Eventually, he said he became a loner and attempted suicide many times as an escape from his pain. He also tried to dull the nightmarish memories with drugs and alcohol.

“My childhood was stolen from me, my teenage years full of confusion and solitude,” Goodwin said. “This man stole my life. I cannot stand to think that anyone would even think twice about not punishing him somehow.”

McDonough said Goodwin’s travails could be a case study of what victims endure. He asked the judge to consider Talbot’s egocentric view of the case and his lack of comprehension of the harm he had done.

Talbot’s lawyer, James Connor, asked the judge to give Talbot home confinement and require him to wear an electronic bracelet. Talbot, he said, has “the worst physical and mental problems I’ve ever seen.”

Connor said Talbot was treated for a bi-polar disorder and severe depression for years. Lithium severely damaged his kidneys, and he soon may need dialysis, which could cost the state up to $100,000 a year on top of the $26,000 a year it costs to keep a prisoner. In addition, Connor said, Talbot’s medicines and treatment cost $2,000 a month.
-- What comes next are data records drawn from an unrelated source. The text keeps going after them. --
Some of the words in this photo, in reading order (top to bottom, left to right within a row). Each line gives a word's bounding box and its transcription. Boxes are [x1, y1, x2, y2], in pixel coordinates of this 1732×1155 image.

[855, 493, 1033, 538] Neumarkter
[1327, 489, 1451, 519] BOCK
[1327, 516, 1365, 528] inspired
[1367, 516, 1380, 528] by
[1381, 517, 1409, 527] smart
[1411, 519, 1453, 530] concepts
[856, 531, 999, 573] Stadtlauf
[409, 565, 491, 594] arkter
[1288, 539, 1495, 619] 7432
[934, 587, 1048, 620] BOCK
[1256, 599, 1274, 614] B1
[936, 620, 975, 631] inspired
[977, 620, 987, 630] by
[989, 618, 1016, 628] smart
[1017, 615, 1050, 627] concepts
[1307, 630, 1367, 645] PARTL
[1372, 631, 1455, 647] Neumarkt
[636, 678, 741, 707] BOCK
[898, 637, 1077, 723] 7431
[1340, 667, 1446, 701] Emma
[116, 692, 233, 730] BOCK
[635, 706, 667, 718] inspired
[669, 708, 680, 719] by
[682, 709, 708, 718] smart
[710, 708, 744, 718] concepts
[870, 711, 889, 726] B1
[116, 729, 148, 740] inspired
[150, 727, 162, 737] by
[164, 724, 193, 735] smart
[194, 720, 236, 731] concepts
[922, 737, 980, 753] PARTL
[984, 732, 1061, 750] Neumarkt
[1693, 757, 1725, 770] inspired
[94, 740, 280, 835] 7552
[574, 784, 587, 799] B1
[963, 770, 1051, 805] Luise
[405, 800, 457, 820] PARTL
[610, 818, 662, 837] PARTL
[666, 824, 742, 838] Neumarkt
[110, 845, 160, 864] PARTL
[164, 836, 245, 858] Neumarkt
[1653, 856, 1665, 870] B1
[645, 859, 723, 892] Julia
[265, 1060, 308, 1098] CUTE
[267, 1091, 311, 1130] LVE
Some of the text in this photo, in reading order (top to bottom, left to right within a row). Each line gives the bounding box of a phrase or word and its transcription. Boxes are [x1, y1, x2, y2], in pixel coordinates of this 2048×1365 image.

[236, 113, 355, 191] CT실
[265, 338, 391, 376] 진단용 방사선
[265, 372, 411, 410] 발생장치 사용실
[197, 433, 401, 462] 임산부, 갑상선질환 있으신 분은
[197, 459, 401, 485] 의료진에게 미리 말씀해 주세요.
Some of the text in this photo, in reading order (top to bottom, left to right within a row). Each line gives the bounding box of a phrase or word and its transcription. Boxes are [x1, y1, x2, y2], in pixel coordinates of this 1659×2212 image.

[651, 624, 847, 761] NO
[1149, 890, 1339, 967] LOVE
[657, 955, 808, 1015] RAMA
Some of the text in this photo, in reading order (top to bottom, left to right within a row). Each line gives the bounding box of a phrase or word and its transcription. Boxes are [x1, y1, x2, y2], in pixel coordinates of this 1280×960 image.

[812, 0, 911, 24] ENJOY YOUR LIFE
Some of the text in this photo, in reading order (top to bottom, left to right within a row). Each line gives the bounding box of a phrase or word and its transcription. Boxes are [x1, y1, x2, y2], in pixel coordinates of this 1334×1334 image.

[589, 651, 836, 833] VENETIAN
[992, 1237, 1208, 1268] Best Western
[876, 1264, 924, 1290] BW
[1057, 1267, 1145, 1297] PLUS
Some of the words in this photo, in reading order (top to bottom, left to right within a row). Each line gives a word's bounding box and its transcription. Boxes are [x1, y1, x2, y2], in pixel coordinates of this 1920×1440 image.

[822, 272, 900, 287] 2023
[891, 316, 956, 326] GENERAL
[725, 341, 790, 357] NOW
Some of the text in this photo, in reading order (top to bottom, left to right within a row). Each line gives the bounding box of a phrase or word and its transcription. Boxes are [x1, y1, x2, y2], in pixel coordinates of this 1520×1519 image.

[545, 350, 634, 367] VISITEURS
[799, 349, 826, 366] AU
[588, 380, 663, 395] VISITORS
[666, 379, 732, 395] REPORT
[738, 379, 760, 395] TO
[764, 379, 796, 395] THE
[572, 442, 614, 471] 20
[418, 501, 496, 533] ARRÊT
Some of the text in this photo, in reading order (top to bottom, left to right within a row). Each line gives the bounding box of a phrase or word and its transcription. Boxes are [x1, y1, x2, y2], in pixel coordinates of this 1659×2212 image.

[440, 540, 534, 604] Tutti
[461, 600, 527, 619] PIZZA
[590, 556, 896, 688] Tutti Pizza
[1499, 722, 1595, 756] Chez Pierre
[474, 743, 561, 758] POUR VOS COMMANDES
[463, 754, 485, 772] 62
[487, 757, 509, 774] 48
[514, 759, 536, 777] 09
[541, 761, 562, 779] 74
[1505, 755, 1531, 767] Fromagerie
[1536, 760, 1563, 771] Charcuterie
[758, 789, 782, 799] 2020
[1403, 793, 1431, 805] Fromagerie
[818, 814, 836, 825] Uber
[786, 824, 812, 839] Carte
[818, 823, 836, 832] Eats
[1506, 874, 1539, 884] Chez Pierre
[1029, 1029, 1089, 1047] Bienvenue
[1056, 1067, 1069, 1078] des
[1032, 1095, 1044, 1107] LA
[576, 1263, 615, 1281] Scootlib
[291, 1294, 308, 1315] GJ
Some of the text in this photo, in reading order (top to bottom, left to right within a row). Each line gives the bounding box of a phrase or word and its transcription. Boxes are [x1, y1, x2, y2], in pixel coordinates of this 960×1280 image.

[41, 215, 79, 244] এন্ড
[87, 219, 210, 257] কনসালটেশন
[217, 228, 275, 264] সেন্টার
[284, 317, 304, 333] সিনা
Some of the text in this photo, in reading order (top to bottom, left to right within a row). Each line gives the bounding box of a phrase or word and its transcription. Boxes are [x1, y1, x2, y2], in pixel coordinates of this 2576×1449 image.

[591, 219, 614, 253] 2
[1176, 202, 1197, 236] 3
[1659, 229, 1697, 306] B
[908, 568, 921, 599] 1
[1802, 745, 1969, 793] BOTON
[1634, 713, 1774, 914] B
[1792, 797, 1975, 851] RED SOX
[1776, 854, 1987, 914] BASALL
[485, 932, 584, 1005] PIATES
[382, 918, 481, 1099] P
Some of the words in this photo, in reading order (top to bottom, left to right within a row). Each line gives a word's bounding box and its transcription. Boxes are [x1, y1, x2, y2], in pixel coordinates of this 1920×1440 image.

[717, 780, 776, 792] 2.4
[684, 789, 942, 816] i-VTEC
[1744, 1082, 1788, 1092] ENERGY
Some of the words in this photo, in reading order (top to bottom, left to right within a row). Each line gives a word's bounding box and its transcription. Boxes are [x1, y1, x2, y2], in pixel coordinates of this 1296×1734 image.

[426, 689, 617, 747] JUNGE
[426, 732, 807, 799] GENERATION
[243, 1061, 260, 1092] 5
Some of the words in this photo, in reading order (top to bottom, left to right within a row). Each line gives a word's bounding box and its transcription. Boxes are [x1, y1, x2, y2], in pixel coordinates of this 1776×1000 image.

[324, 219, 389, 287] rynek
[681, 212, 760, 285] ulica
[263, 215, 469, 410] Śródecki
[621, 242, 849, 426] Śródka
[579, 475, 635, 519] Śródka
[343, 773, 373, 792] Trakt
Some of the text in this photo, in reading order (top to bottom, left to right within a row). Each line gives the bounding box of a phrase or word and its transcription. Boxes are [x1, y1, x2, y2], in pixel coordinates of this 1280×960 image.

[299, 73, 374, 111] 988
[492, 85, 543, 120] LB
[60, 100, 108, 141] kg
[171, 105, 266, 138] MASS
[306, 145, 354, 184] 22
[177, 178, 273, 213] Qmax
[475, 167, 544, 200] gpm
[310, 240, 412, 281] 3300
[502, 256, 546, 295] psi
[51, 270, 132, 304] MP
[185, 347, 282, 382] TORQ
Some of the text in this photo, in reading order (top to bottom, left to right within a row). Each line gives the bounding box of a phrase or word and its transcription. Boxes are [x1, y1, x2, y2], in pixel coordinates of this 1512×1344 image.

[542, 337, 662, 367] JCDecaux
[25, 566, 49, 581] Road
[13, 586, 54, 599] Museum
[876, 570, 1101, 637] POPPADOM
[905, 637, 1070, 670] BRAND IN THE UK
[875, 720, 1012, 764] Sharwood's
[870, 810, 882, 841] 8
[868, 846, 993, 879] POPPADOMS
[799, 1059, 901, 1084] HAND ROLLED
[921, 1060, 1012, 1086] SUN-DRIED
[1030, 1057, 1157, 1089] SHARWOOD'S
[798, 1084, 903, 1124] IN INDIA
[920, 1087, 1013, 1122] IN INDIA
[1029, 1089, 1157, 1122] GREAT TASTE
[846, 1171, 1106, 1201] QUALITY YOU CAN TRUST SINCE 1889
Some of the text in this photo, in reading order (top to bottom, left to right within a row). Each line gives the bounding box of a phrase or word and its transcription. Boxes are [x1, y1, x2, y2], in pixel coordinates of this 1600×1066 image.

He said the priest suffers from congestive heart failure, diabetes, renal insufficiency and hypertension. “He takes nearly 40 medications a day.”

The sentencing got off to a late start because Talbot, who is shaky and unsteady on his feet, tumbled on a courthouse staircase. A rescue crew cleaned up blood from the stairs and put a patch on Talbot’s left temple. He was told to get his injury sutured.